13) Rito. A Igreja Anglicana possui “O Livro de Oração Comum” (LOC), que é o livro oficial de preces e liturgias. Juntamente com a versão King James da Bíblia e as obras de Shakespeare, o Livro de Oração Comum é um dos três fundamentos do inglês moderno, e serviu também para me atrair para a tradição anglicana. Aliás, na minha opinião, a liturgia anglicana está entre uma das belas.

Extra: Pastor. Conheci um homem de Deus, o reverendo Gyordano Montenegro, que me ajudou a compreender o que significa ser anglicano. Além de tudo o que citei acima, dois textos dele deram o último empurrão que eu precisava. Segue dois trechos que tocaram minha alma: 

“Eu sou feliz na minha fé e na minha vocação. Não tenho motivos para ser católico romano ou ortodoxo, Deus nunca me pediu isso, e vejo em ambas as tradições doutrinas e práticas que eu não poderia jamais professar e defender “ex animo”.

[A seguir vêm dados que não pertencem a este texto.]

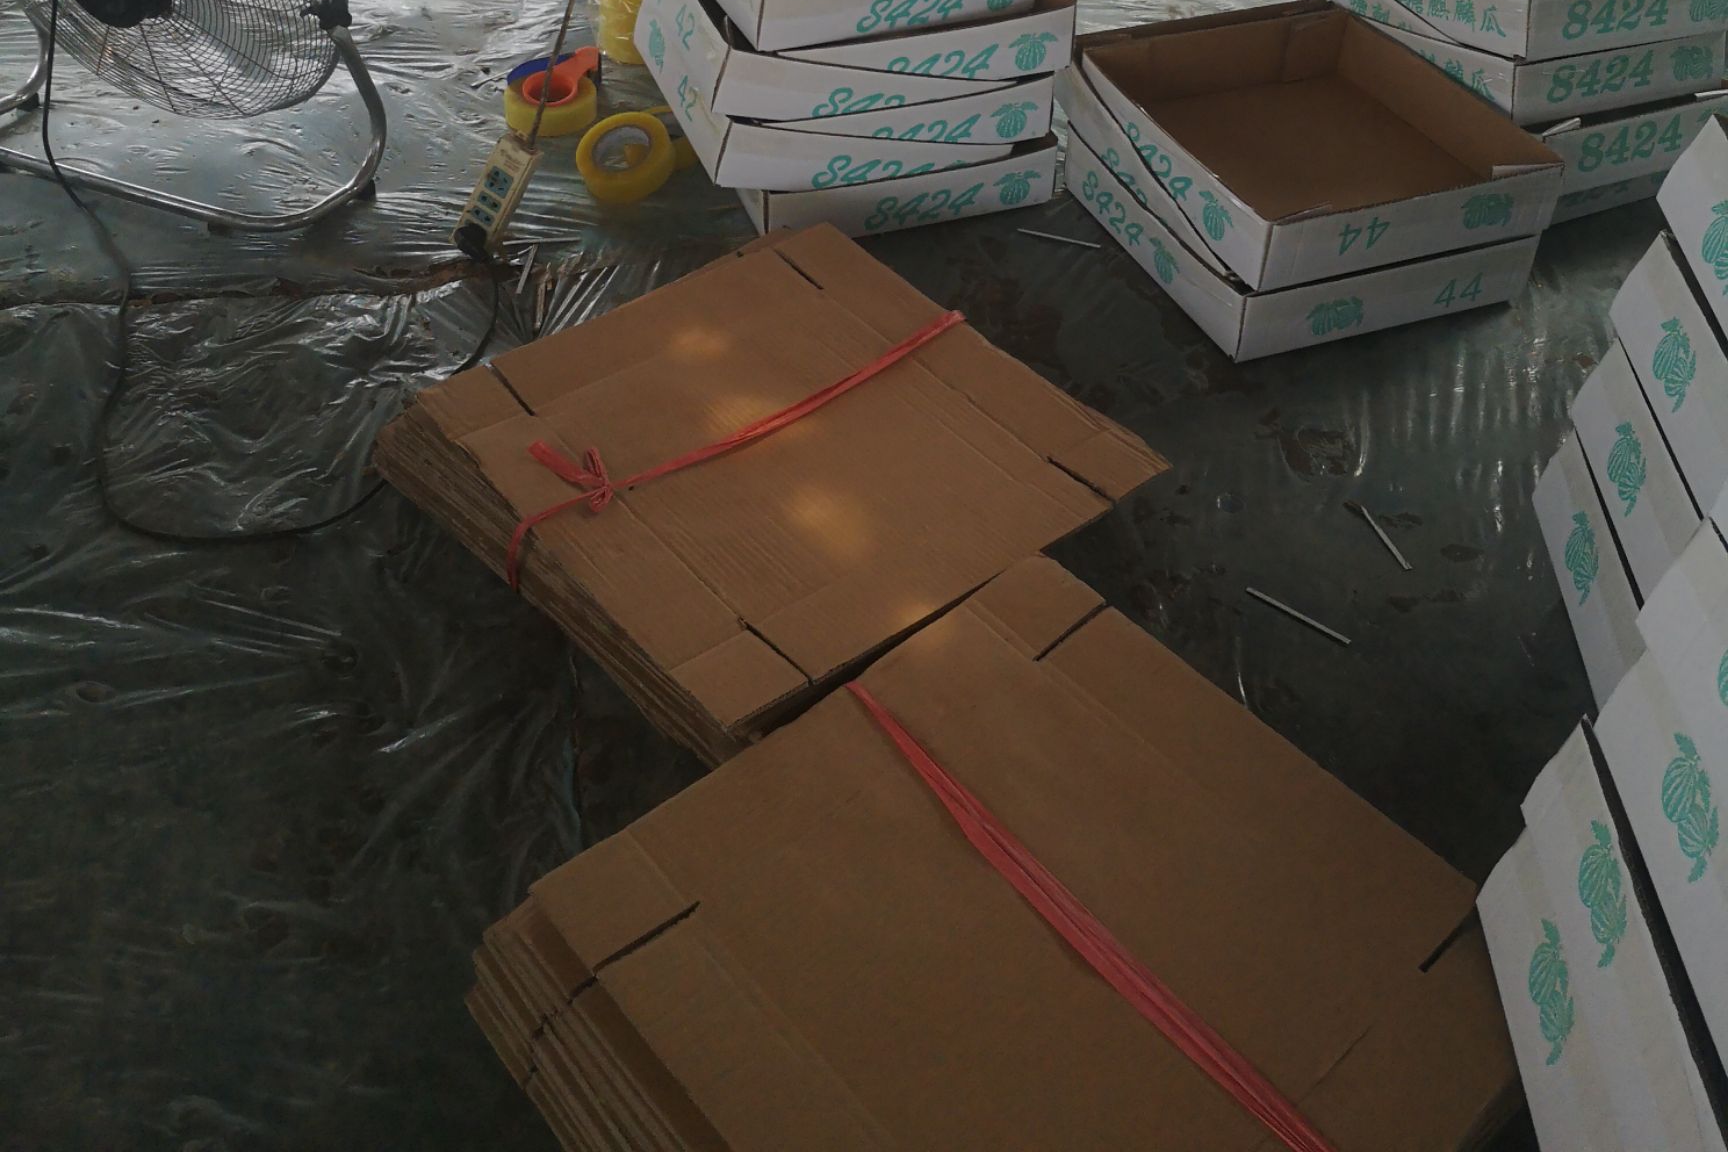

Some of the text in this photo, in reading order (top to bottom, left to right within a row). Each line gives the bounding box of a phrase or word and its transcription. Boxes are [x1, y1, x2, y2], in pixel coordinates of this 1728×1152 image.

[…] “a Igreja Anglicana é uma casa com muitos quartos e com uma mesa grande, ela aprende com todos, mantendo a sabedoria do seu equilíbrio. O que para outros é uma colcha de retalhos, para mim é uma túnica de várias cores, como a de José, perfeitamente integradas numa mesma fé, pela graça multiforme de Deus.

Tudo isso me fez abraçar a fé anglicana com satisfação e alegria. Como um membro do corpo de Cristo, sem menosprezar as demais tradições ou desprezar outras experiências, sinto-me em paz como anglicano.

Estou em casa.

Comments (6)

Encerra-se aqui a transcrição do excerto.